Food and foreplay is a recipe for a sticky end
NOT even 9½ weeks could convince me that food should be part of foreplay. I like my strawberries in a bowl with a big dollop of Greek yoghurt, and they go neatly into my mouth, not all over the kitchen.
All I could think during the 'sexy' food-fight scene was 'someone's going to have to clean that up'.
I know that there are those who reckon food can spice things up in the bedroom, but I'm more of a 'let's work up an appetite and eat later' kinda gal.
Which is why I thought EastEnders star Shona McGarty being thrown out of Asda after a 'yoghurt incident' with her co-star and boyfriend Matt Lapinskas was hilarious. But I was laughing at the fools, not with them.
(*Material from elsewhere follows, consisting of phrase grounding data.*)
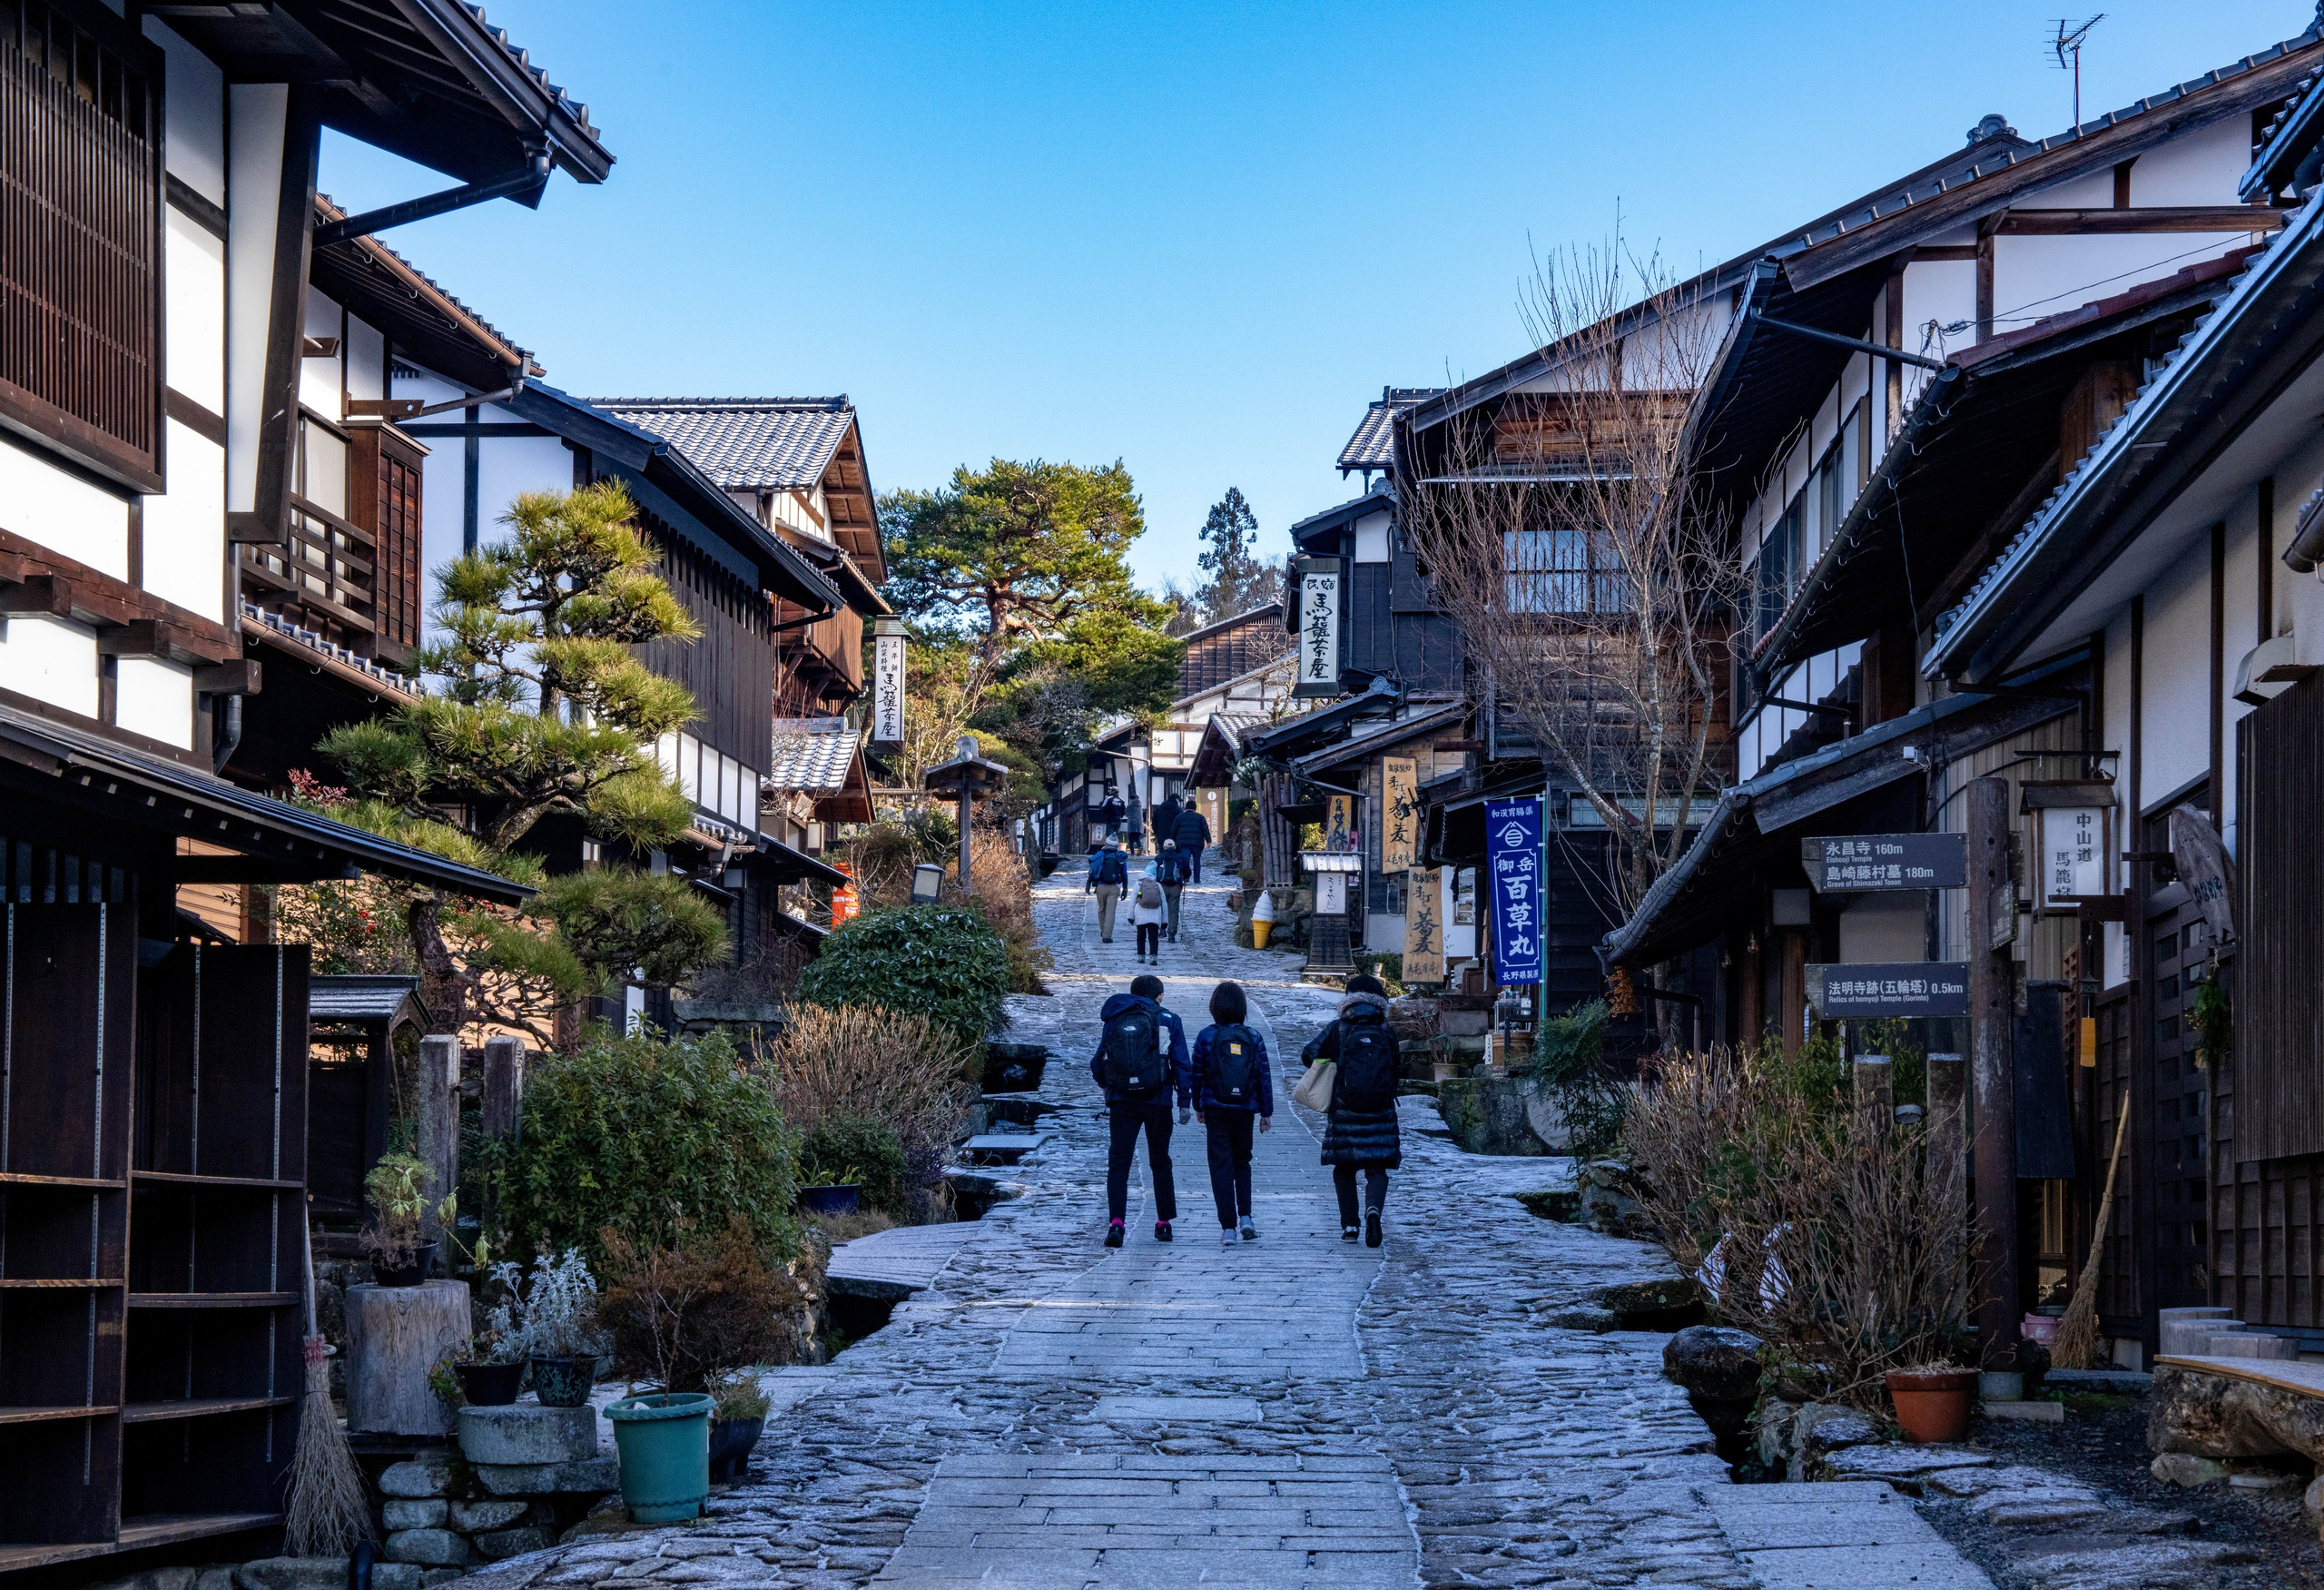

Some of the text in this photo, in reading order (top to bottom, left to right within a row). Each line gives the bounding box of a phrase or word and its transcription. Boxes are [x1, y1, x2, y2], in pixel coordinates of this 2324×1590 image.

[1307, 578, 1335, 591] 民宿
[1304, 593, 1333, 678] 馬籠茶屋
[877, 673, 898, 736] 馬籠茶屋
[1491, 805, 1534, 818] 和漢胃腸薬
[2076, 812, 2093, 863] 中山道
[1826, 841, 1904, 856] 永昌寺 160m
[1496, 856, 1535, 874] 御岳
[1827, 864, 1934, 881] 島崎藤村墓 180m
[1827, 880, 1845, 888] Grave
[1853, 879, 1884, 887] Shimazaki
[1501, 874, 1535, 956] 百草丸
[1828, 980, 1964, 996] 法明寺跡（五輪塔） 0.5km
[1903, 994, 1929, 1002] (Gorinto)
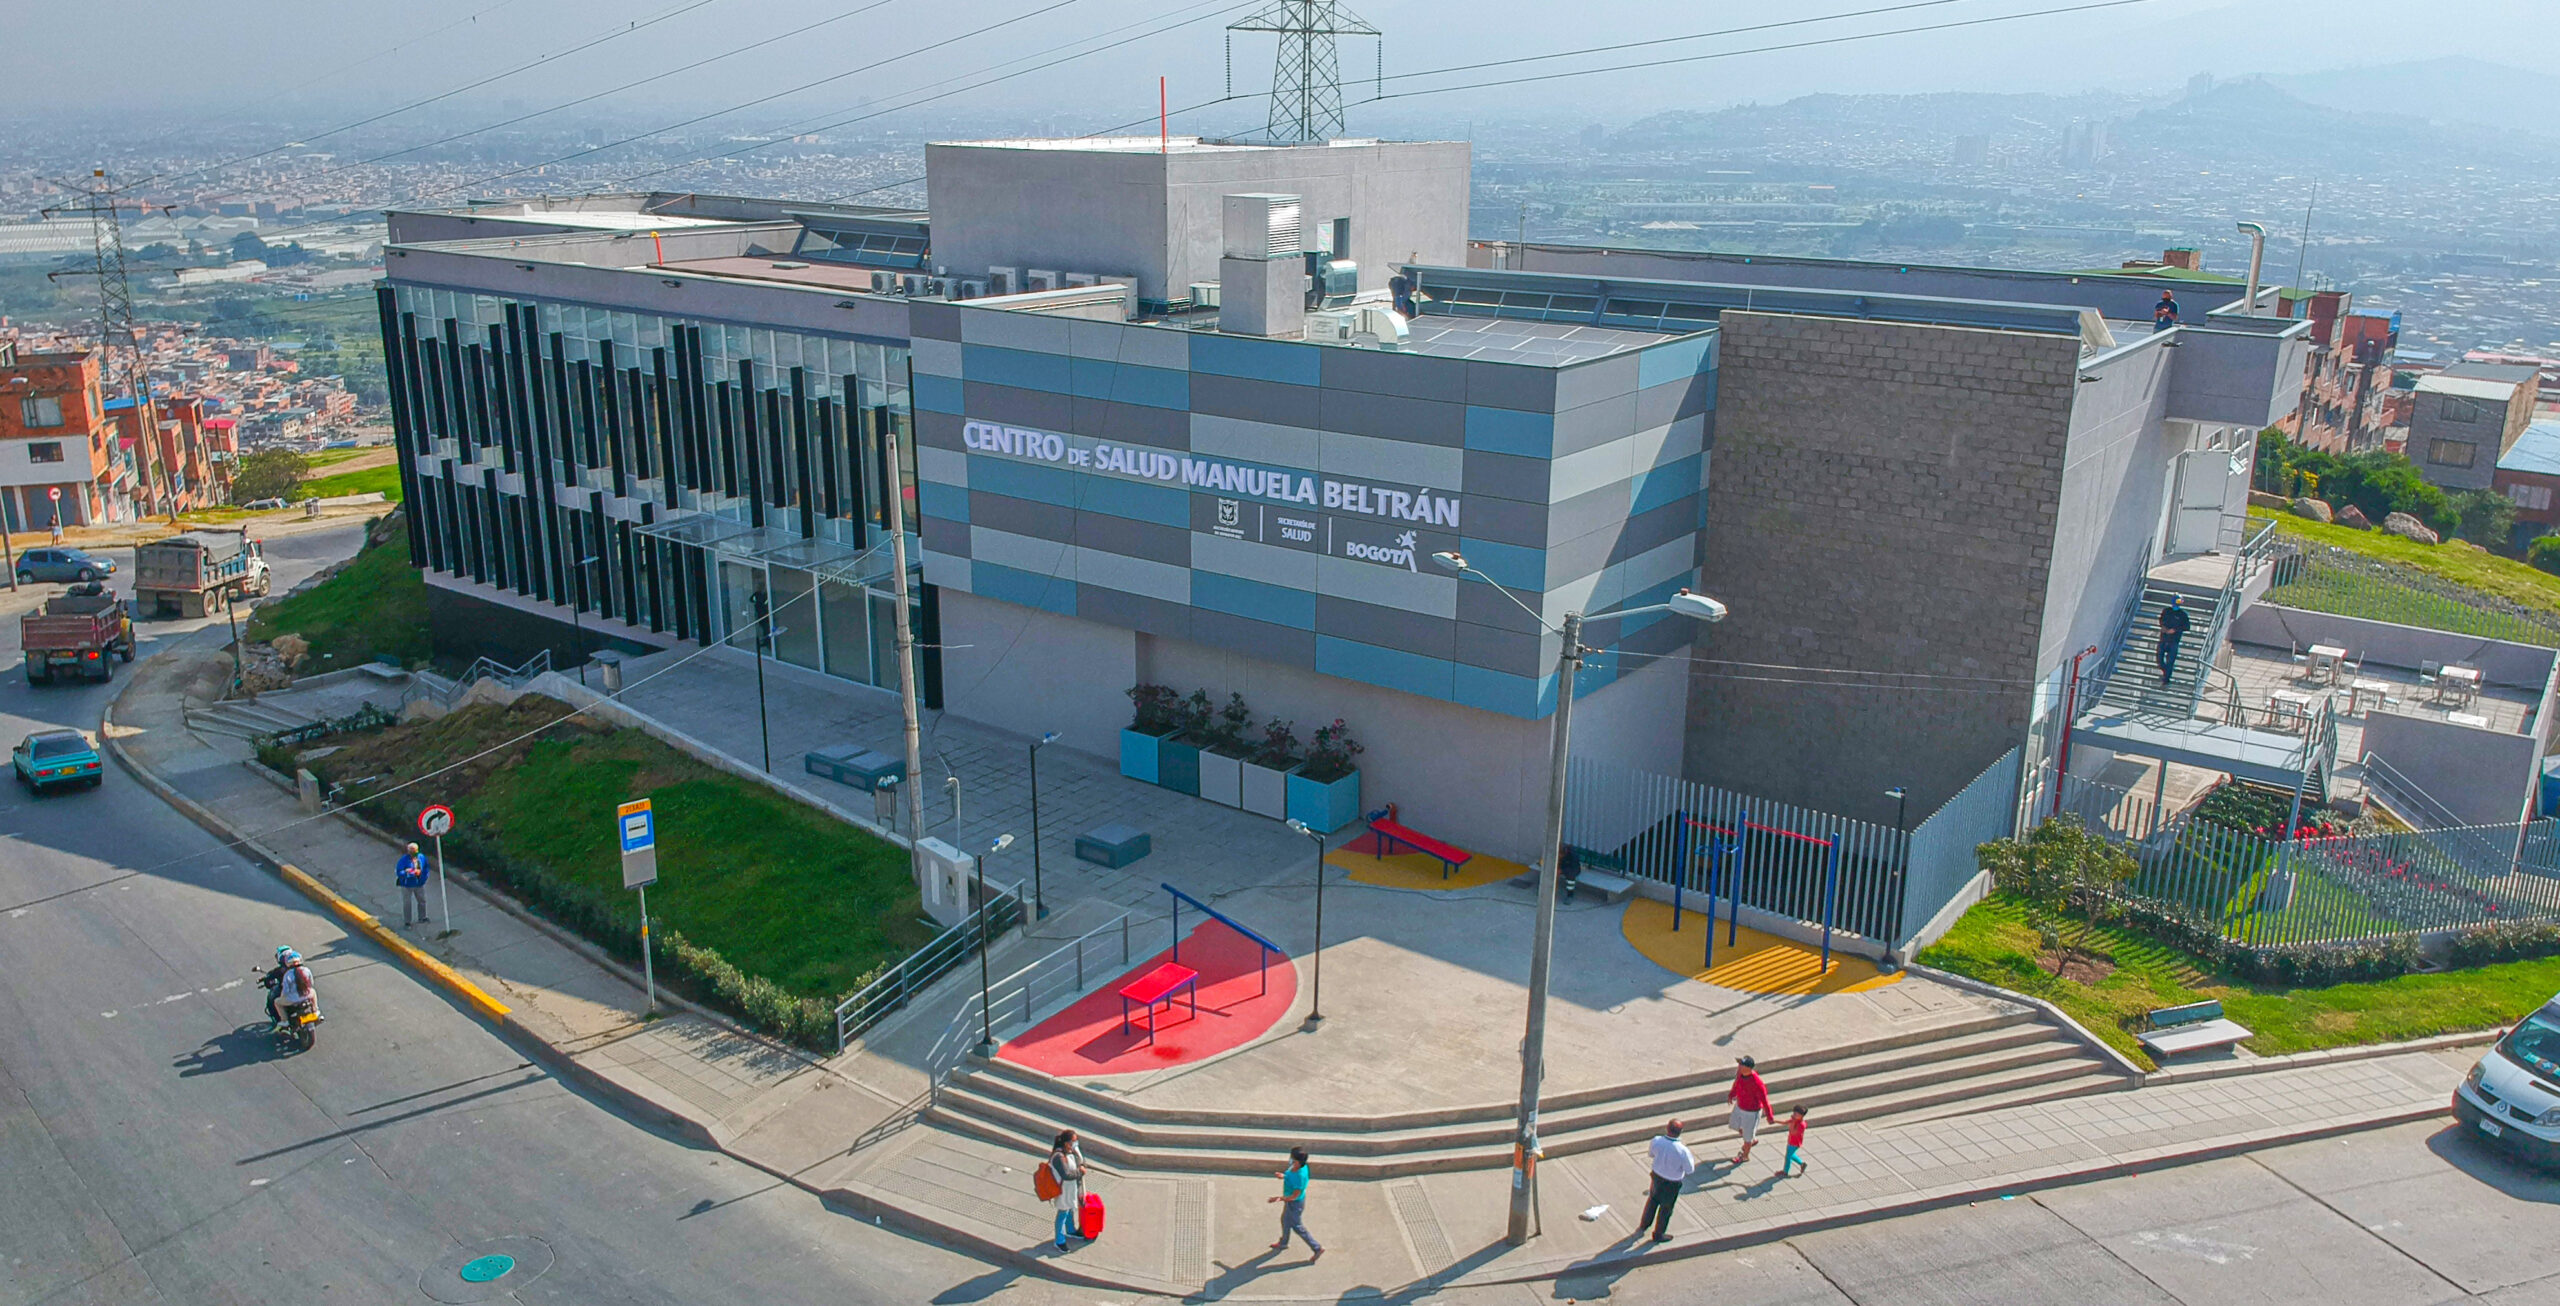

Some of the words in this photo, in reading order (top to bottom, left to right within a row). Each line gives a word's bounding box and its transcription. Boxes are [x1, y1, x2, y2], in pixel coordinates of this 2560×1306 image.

[963, 421, 1065, 462] CENTRO
[1067, 447, 1091, 467] DE
[1095, 444, 1178, 481] SALUD
[1181, 458, 1318, 505] MANUELA
[1323, 480, 1460, 528] BELTRÁN
[1281, 527, 1312, 542] SALUD
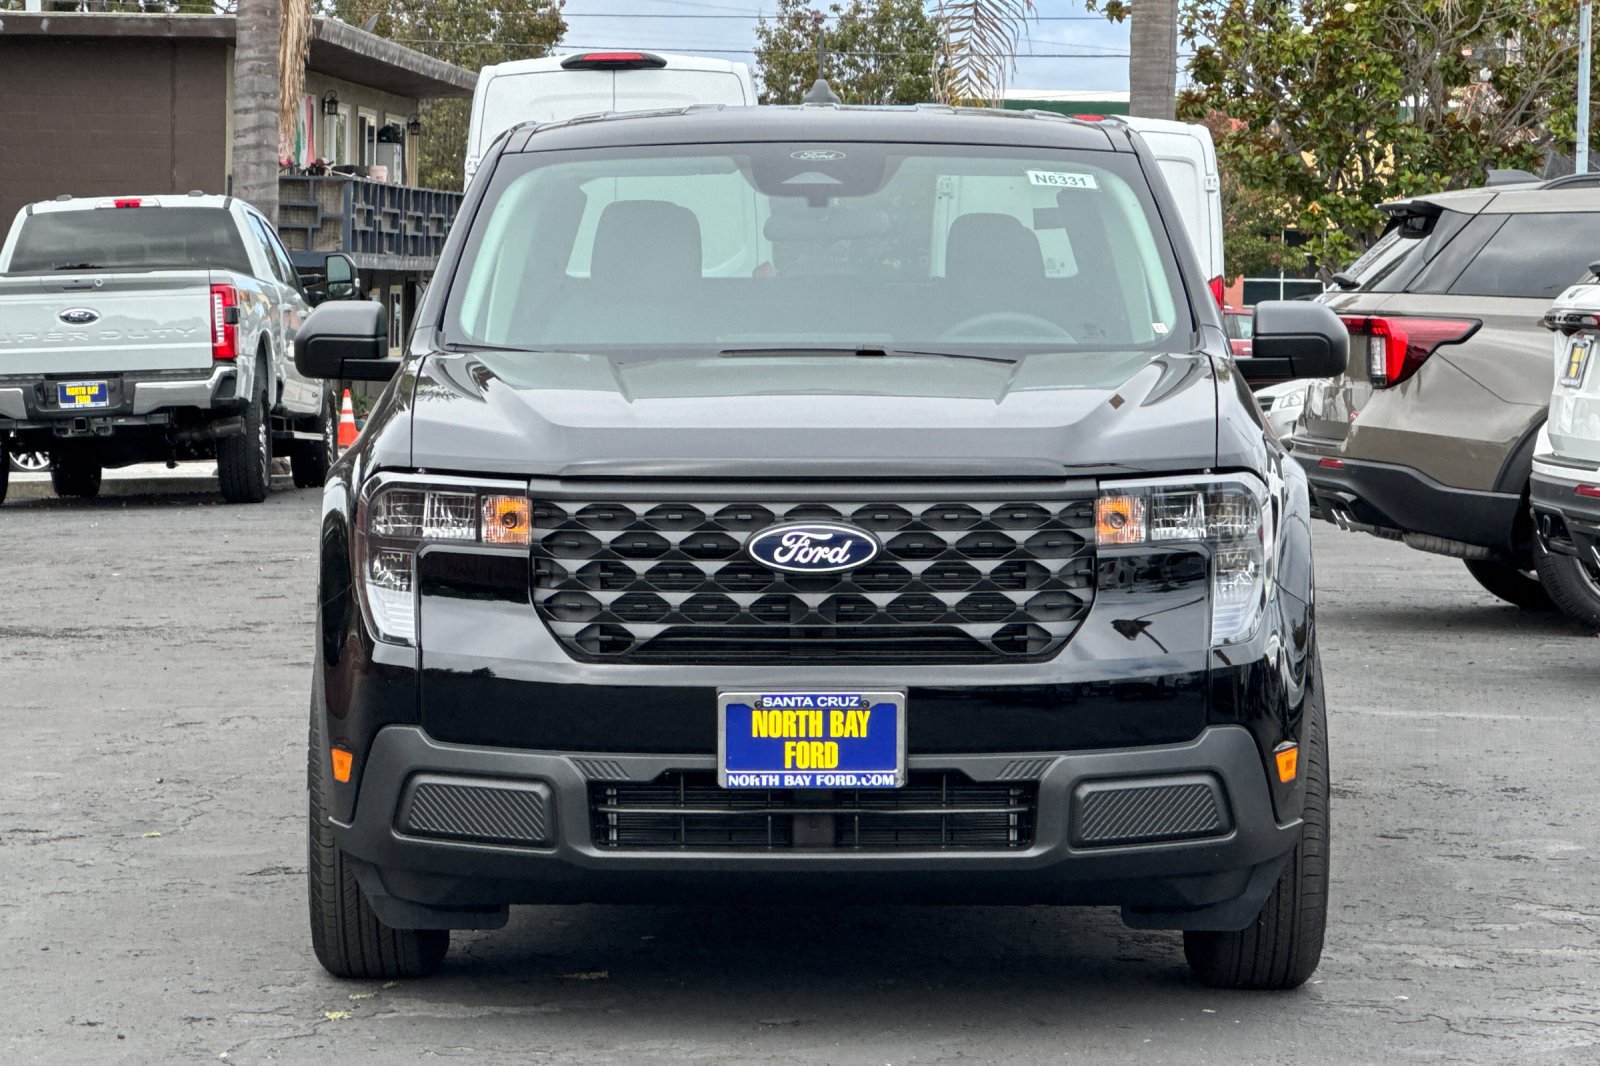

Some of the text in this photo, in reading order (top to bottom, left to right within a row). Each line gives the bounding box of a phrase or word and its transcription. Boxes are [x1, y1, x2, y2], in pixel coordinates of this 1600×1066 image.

[800, 151, 836, 159] Ford
[1034, 173, 1087, 187] N6331
[99, 327, 197, 340] DUTY
[773, 531, 853, 564] Ford
[762, 696, 859, 708] SANTA CRUZ
[752, 710, 871, 738] NORTH BAY
[784, 741, 839, 769] FORD
[728, 773, 895, 787] NORTH BAY FORD.COM
This pair of eejits, who are 20 and 25 respectively, as in old enough to know better, seemed to be trying to emulate Kim Basinger and Mickey Rourke -- from Hollywood to EastEnders rarely comes with a happy ending. It ended with the actress being asked to leave the supermarket -- I would have asked her to clean up and pay for the yoghurts first.
Sun readers, who obviously skip right past page three each day, had the scoop: "It was disgusting," they told the newspaper. "The man was opening up pots and looked as if he was throwing it around. Then the girl started to smear it over herself in a suggestive manner.
"I had my kids aged 10 and nine with me and they certainly don't need to see that in the aisles of Asda."
A spokesperson for the Watford, Herts branch clearly had more of a sense of humour than some of the customers: "This isn't us being Albert squares," they said. "As with any customer found to be causing a ruckus in our stores, we politely asked the culprits to leave so they didn't offend other shoppers."
The couple only started dating in September so either they are still in the first flush or things have already become boring. Either way, if you see them in your local supermarket, move them away from the butter aisle.